When we first moved into the West Windsor-Plainsboro community, we settled in a beautiful rental home following a snafu with our house under construction. I explored the neighborhood with Katie and Molly, then just six and three, and literally knocked on doors to meet people. I have always been outgoing, but I was particularly outgoing then. Our neighbors opened their doors to me, and after asking a few well-placed questions, I discovered that we were part of the influx of young families on a street that was undergoing a demographic turnover. Seems there were lots of empty nesters or soon-to-be empty nesters with older kids in college or high school. I remember thinking how old those people must be, and what a far-off distance into the future that would be for us.
Suddenly, that future is here, and I am now one of those “older” parents. Will’s arrival in 1999 means we won’t be empty-nesters for five more years, but nonetheless I find myself on the other side of a demographic I once saw as a distant horizon.
The year 2013 also marks a major milestone for my relationship with the WW-P News and this column. Way back in the summer of 2003, on a lark, I sent in an essay I had written about our transition to this community and how, though it was not San Francisco, it was a lovely place to live and raise children. Ten years ago I was what might be considered a rather young mom, since my oldest was still only 12 and the baby was not yet in kindergarten. How quickly a decade flies, and in the blink of an eye, Katie is a working girl, Molly is in college, and Will is on the brink of high school.
Scary to think about, but if Katie stays on my historical track, I could be a grandmother in eight years. I was no spring chicken when I had her at 30, but to think that I could be a Suburban Grandma in that short time is frightening indeed. And no, I don’t think I’ll be writing that column.
In fact, there are times when I wonder about my relevance to younger parents as the Suburban Mom. In the early years, I wrote about adventures with all three kids at home at their varying ages and challenges. Now, with only one baby bird still in the nest, I have wondered whether I should go more political with my words, or more international in scope. Certainly my days of writing about carpools and play dates are long over.
These past 10 years of growth in my family have been paralleled by growth in the community. I feel like an old-timer when I can say that we used to shop at Caldor in the Plainsboro Shopping Center. That shopping plaza has been undergoing growing pains ever since, with one identity change after another.
We old-timers can remember when the CVS was tiny and tucked away inside the mini-mall and not the huge stand-alone it is now. We can remember Easy Video at a time when most of us still had VCRs and rented movies. You could always count on running into a friend or two on a Friday night looking for a family movie. This was when the technology of today was but a twinkle in the eyes of the innovators, and few could imagine the convenience of downloading practically everything from the convenience of your own home.
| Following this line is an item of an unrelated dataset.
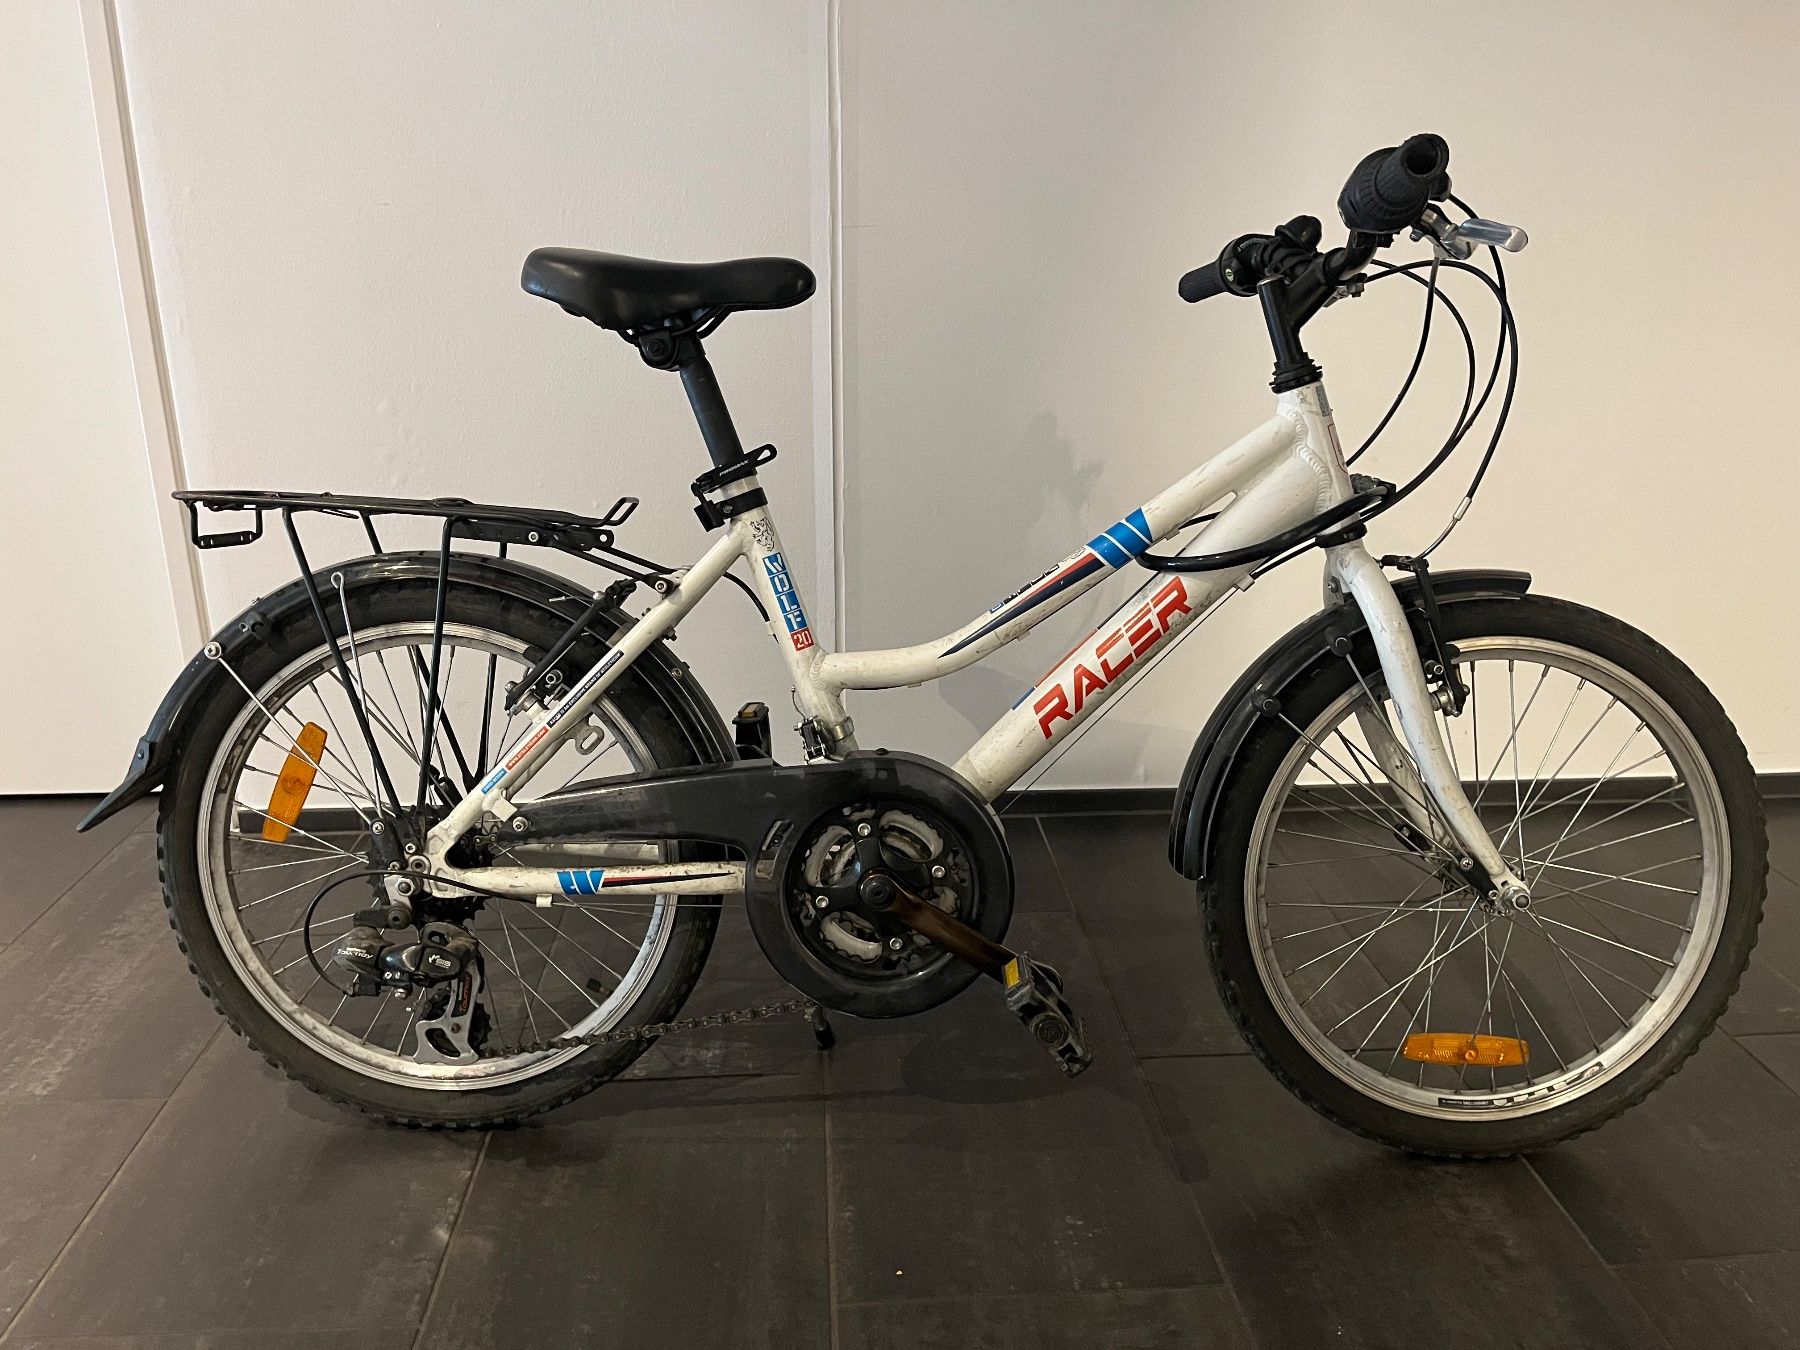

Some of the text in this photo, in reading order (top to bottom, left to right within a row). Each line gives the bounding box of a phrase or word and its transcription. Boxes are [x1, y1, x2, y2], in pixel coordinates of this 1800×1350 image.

A new year is a time of pause and reflection, a perfect opportunity to ponder the future. I used to believe in establishing a five-year plan, though nothing ever goes as planned or anticipated. Still, this time a five-year plan is very relevant to this family, because in five years, Will is going to be a college freshman and I really cannot see rattling around inside a big old house paying huge taxes and keeping up the maintenance. Katie and Molly were both home for the holidays, and it was wonderful to have all the space to celebrate and have friends over, but I can’t see keeping up with all the costs to have these few times of the year when everyone is together again.
The other thing that happens is that your friends start experiencing family milestones that remind you that time is moving quickly. Our good friends just celebrated the arrival of their first grandchild. We went to a wedding in the fall, the first one that involved the child of a friend, and in June, we will go to a second, friends that we met when all our kids were tiny and Will was not yet on the scene.
So one day, not really that far off, we will be that family with the sign out on the front lawn, the family the new young families point to as the old people with grown kids moved out to far-flung places of the world. Suddenly, it is more of a tangible reality than it has ever been before. I’m not ready, but I have five years to think about it and be prepared.